* **WORK INSTRUCTIONS**: Exact reproduction, images excluded: write out the records below.

[Free-text object descriptions]
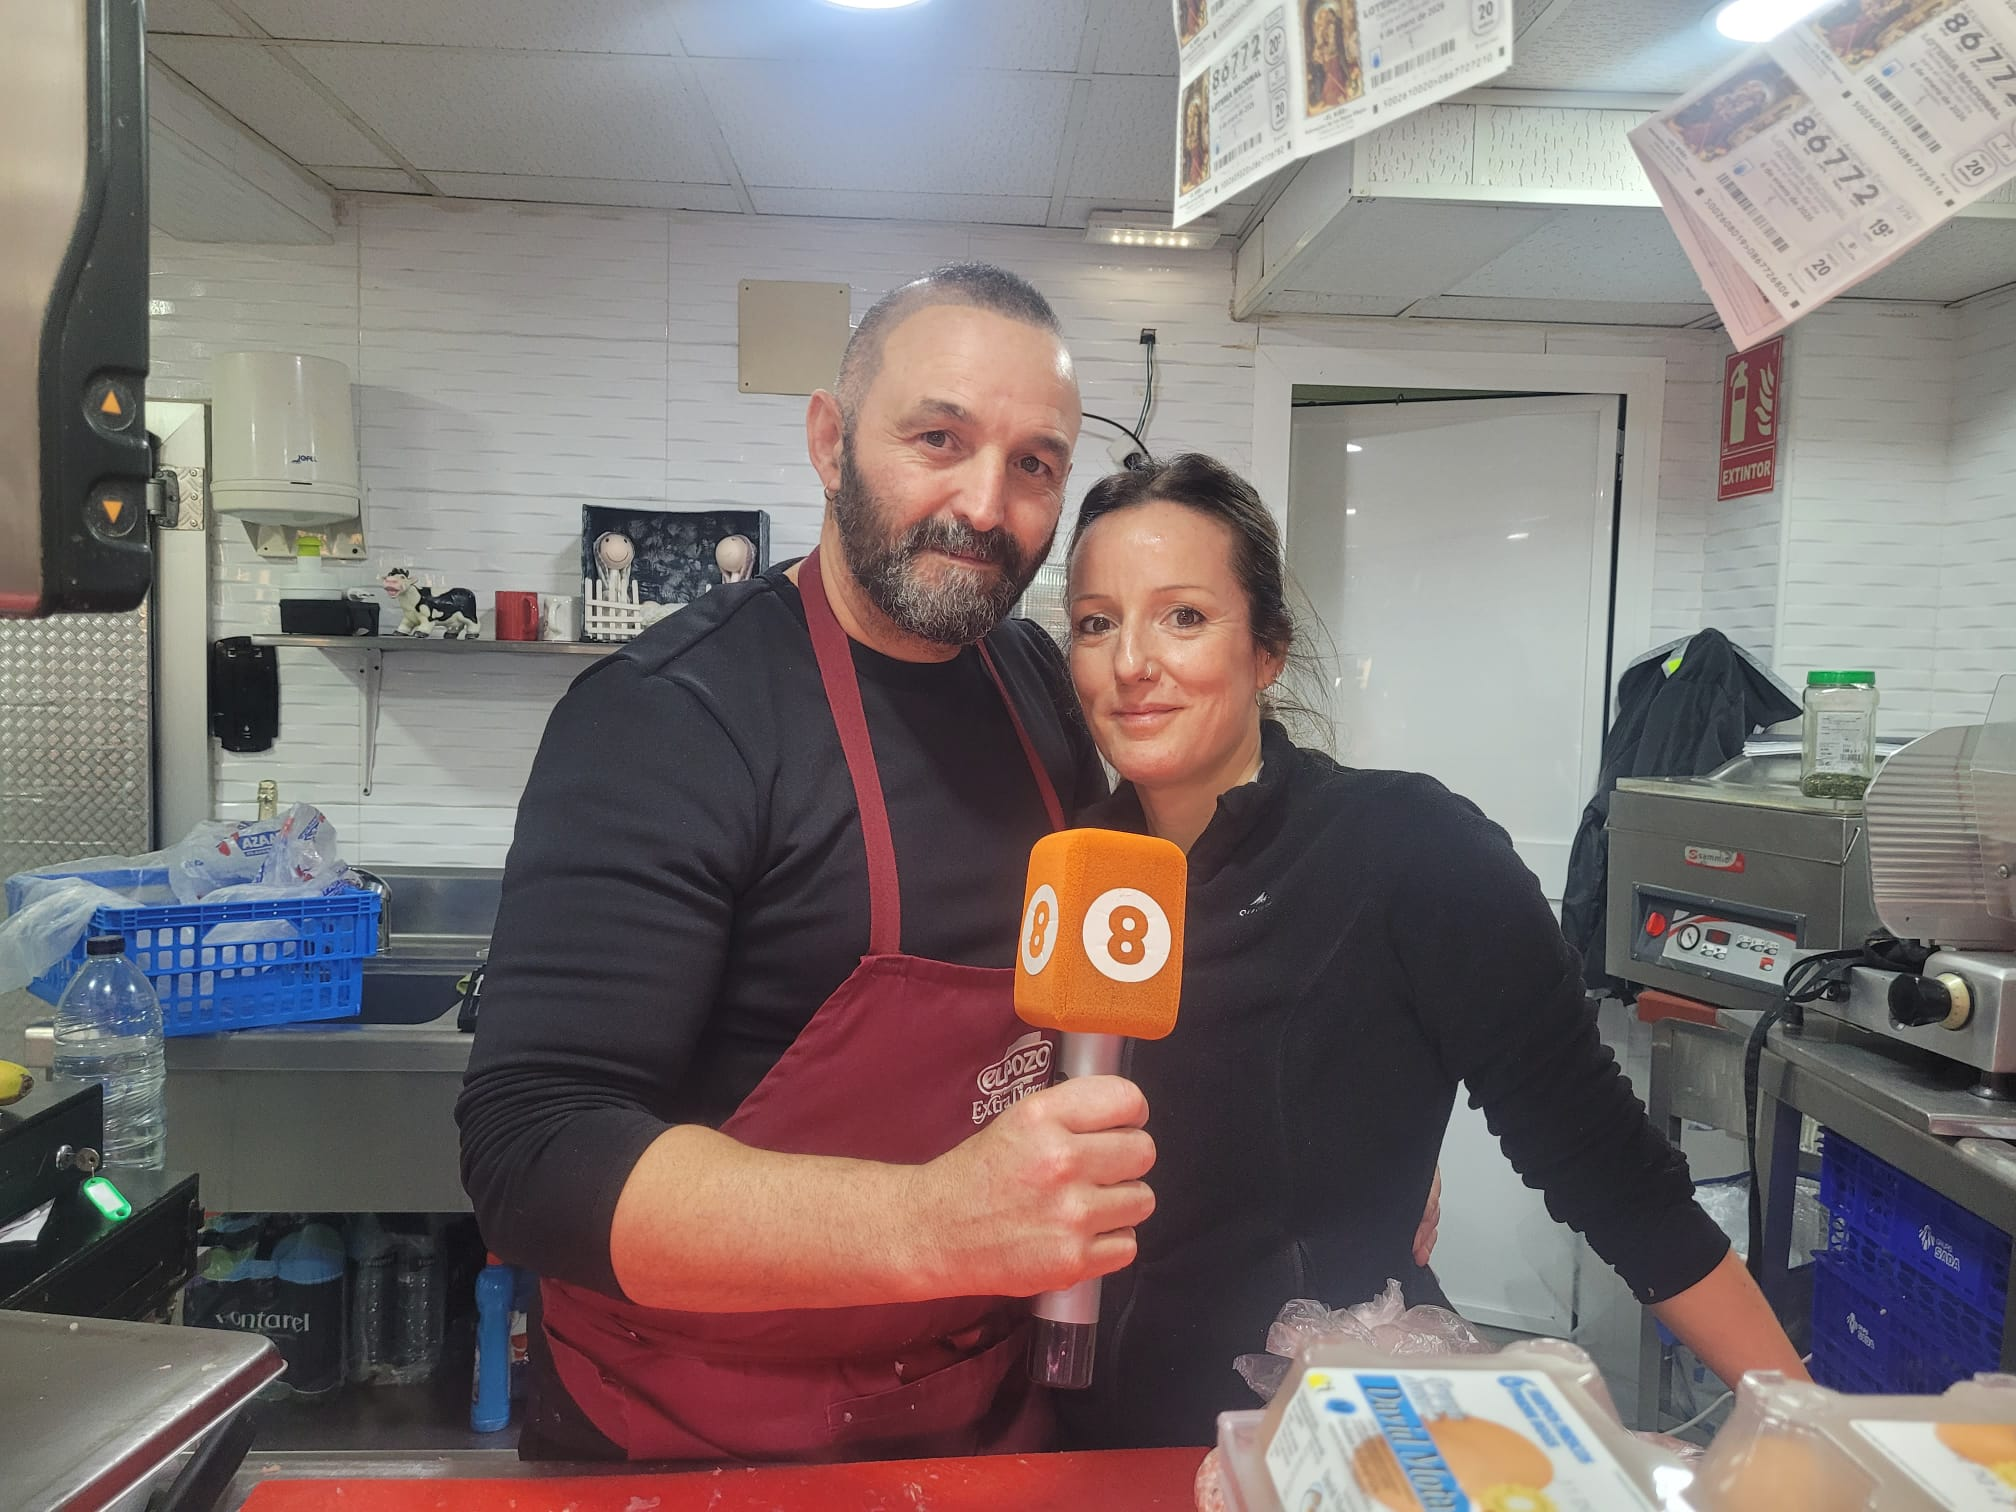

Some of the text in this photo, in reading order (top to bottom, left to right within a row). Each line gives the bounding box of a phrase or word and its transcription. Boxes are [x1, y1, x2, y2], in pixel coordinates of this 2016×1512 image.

[1478, 2, 1493, 20] 20
[1212, 33, 1261, 90] 86772
[1275, 101, 1284, 118] 20
[1789, 113, 1880, 207] 86772
[1965, 158, 1984, 178] 20
[1811, 256, 1831, 278] 20
[1722, 460, 1771, 486] EXTINTOR
[1025, 901, 1050, 958] 8
[1107, 905, 1149, 965] 8
[1934, 1246, 1960, 1272] SADA

* **WRITTEN ANSWER**:
Some of the text in this photo, in reading order (top to bottom, left to right within a row). Each line gives the bounding box of a phrase or word and its transcription. Boxes are [x1, y1, x2, y2], in pixel coordinates of this 2016×1512 image.

[1478, 2, 1493, 20] 20
[1212, 33, 1261, 90] 86772
[1275, 101, 1284, 118] 20
[1789, 113, 1880, 207] 86772
[1965, 158, 1984, 178] 20
[1811, 256, 1831, 278] 20
[1722, 460, 1771, 486] EXTINTOR
[1025, 901, 1050, 958] 8
[1107, 905, 1149, 965] 8
[1934, 1246, 1960, 1272] SADA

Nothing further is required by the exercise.